Burkholderia pseudomallei, the etiological agent of meloidosis, is a Gram-negative bacterium that is endemic to tropical regions including Southeast Asia and Northern Australia. It can cause a spectrum of disease ranging from acute pneumonia and septicemia through to an indolent presentation such as osteomyelitis. In addition, there can be reactivation of latent disease which can occur many decades after potential exposure.1,2
Treatment of B. pseudomallei is difficult because of resistance to narrow-spectrum penicillins, first- and second-generation cephalosporins, and aminoglycosides, notably gentamicin and tobramycin.3 Antimicrobial agents that have been successfully used in the acute treatment of B. pseudomallei include carbapenems (meropenem and imipenem) and ceftazidime.4
A novel cephalosporin/beta-lactamase inhibitor combination, ceftolozane–tazobactam, has been released to the market. This was developed primarily for the treatment of multiresistant Pseudomonas aeruginosa and extended-spectrum beta-lactamase–producing Enterobacteriaceae. It is an intravenous dosed drug that has been shown in non-inferiority trials to have similar efficacy as meropenem in complicated intra-abdominal infections and levofloxacin in urinary tract infections.5,6
In this study, we seek to elucidate the in vitro activity of ceftolozane–tazobactam against B. pseudomallei by determining the minimum inhibitory concentration (MIC) for a library of clinical isolates and comparing this with disc diffusion testing.
A total of 56 clinical isolates were taken from a historical collection of B. pseudomallei isolates stored by the microbiology department of the Townsville Hospital, Queensland, Australia. Isolates were from patients who acquired the disease in North Queensland, the Northern Territory, and Papua New Guinea and NCTC strain 13178.
The isolates were recovered from −70°C storage and grown on blood agar for 24 hours in an ambient environment at 35°C. The isolates were then subcultured for purity; identification of the isolates was performed using the VITEK 2 ID GNB card system (Biomerieux, Inc., Hazelwood, MO) before susceptibility testing. Minimum inhibitory concentrations were determined using the MIC test strip technique (Liofilchem, Roseto degli Abruzzi, Italy). Each strip contained a concentration gradient of ceftolozane with a fixed concentration of tazobactam (4 mcg/mL) which when used as per the manufacturer’s instructions could determine an MIC between 0.016 and 256 mcg/mL.
Isolated colonies were suspended in 0.85% saline achieving a 0.5 McFarland standard turbidity as measured using a DensiChek instrument (bioMérieux, Inc., Hazelwood, MO). This was then swabbed to form a lawn on Mueller Hinton agar (bioMérieux) and the strips applied to the agar. The plates were then incubated in an inverted position at 35°C for 20 hours in an ambient environment. Interpretation of the strip MIC was performed as per the manufacturer’s instructions. Disc diffusion testing was performed using 30 mcg ceftolozane/10 mcg tazobactam discs (Mastdisc; Mastgroup, Merseyside, United Kingdom) on Mueller Hinton agar incubated at 35°C for 20 hours in an ambient environment. The disc diffusion testing and zone size interpretation were performed in accordance with the European committee on antimicrobial susceptibility testing (EUCAST) methodology. Escherichia coli (ATCC 25922), Staphylococcus aureus (ATCC 29213), and P. aeruginosa (ATCC 27853) were used as quality control isolates.

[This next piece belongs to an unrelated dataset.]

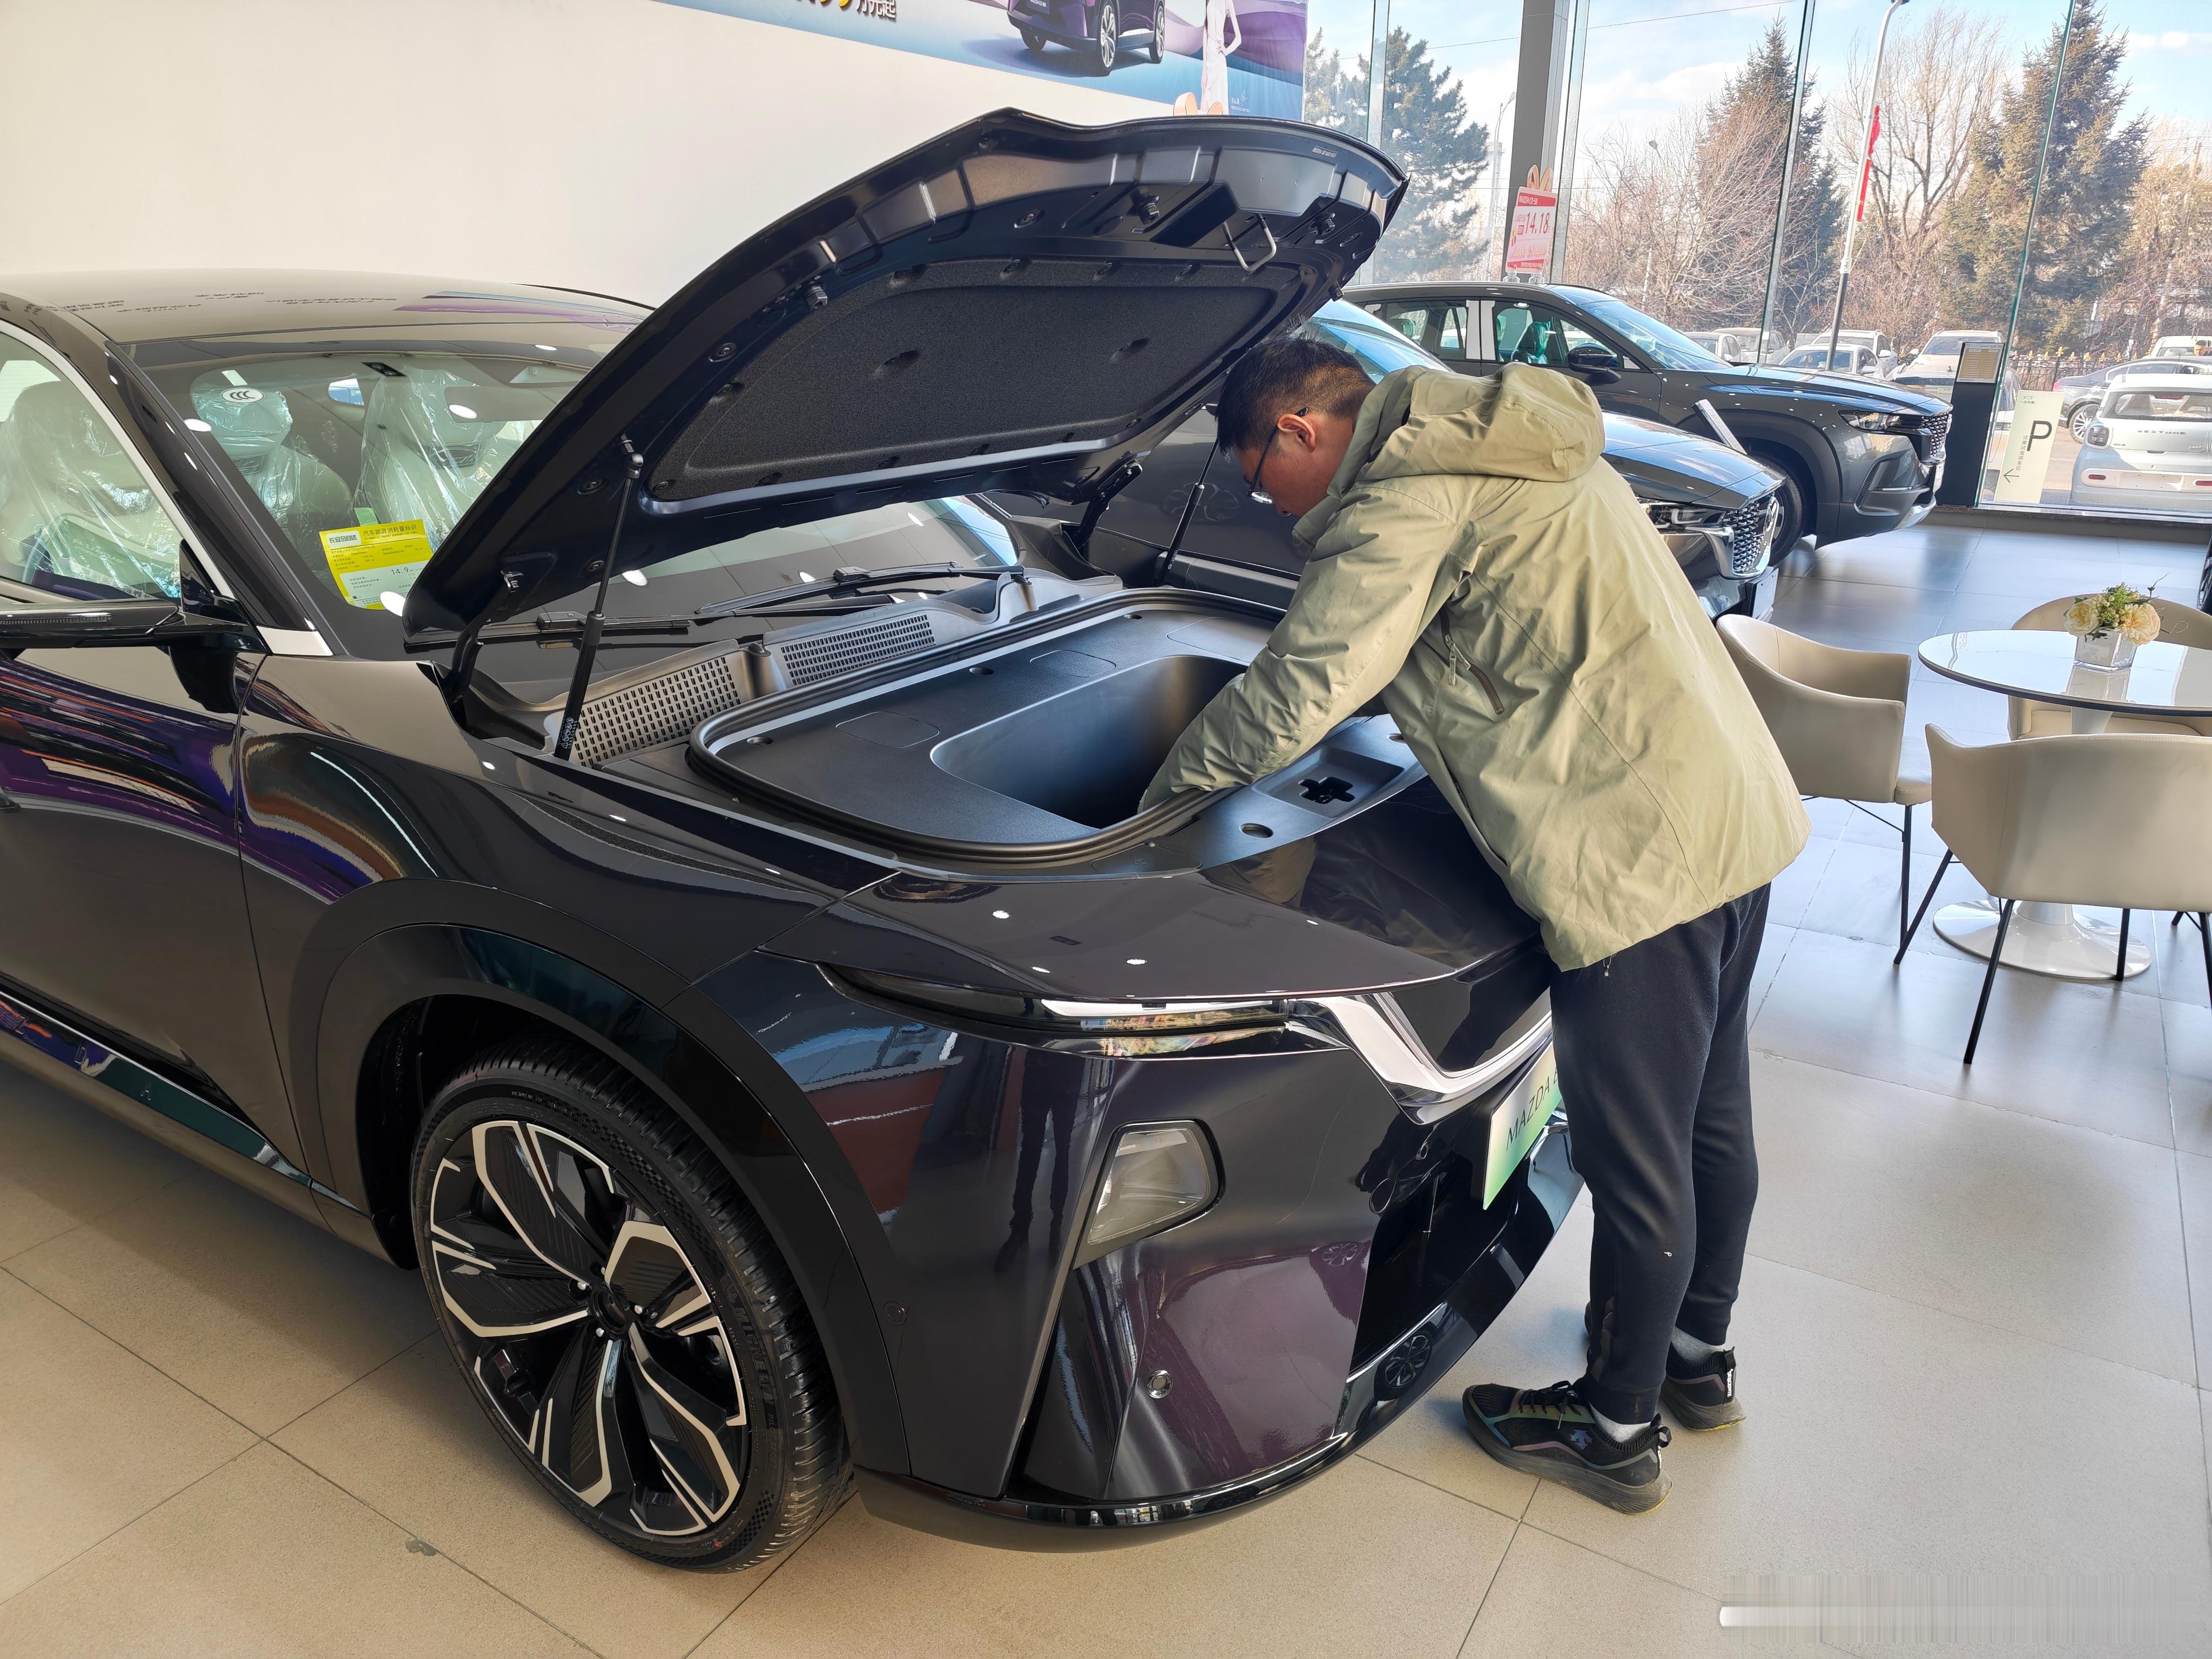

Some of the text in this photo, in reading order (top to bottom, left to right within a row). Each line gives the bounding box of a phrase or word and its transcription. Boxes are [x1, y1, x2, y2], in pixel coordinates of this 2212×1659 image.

The three quality control strains demonstrated acceptable MIC results within the ranges outlined by the manufacturer of ceftolozane–tazobactam and the MIC test strips.7 An MIC and disk diffusion diameter was determined for each isolate and no contamination occurred. The range of MIC to ceftolozane–tazobactam was between 0.75 and 4 mcg/mL. The MIC50 and MIC90 values for ceftolozane–tazobactam were 1.5 and 2.0 mcg/mL, respectively (Figure 1).
Figure 1.
Disc diffusion zone sizes plotted against the minimum inhibitory concentration (MIC) strip of ceftolozane combined with a fixed concentration of tazobactam.
The results of this preliminary study demonstrate that the novel cephalosporin/beta-lactamase combination ceftolozane–tazobactam has in vitro activity against B. pseudomallei isolates. All of the isolates tested were found to have an MIC of ≤ 4 mcg/mL. Recently EUCAST has published the ceftolozane–tazobactam MIC breakpoints for P. aeruginosa as > 4 mcg/mL on the basis of pharmacokinetic/pharmacodynamic (PK/PD) modeling.8 This breakpoint was supported by the Food and Drug Administration (FDA) in the registration of ceftolozane–tazobactam at a dose of 1.5 g every 8 hours.7 As ceftolozane has structural similarities to ceftazidime, it is possible that a similar breakpoint might apply for B. pseudomallei which has a Clinical and Laboratory Standards Institute (CCSI) breakpoint to ceftazidime of 8 mcg/mL. However, without having a PK/PD target for B. pseudomallei, these MICs cannot be interpreted with any certainty.
There are several limitations to this study. Ceftolozane could not be tested in the absence of tazobactam; therefore, the contribution of activity against B. pseudomallei could not be attributed solely to the active agent. Second, there have been no time-kill studies or animal experimental studies performed to determine the activity of ceftolozane–tazobactam against B. pseudomallei. Last, the relationship between in vitro studies and in vivo clinical success is not clear because of the complex nature of infections.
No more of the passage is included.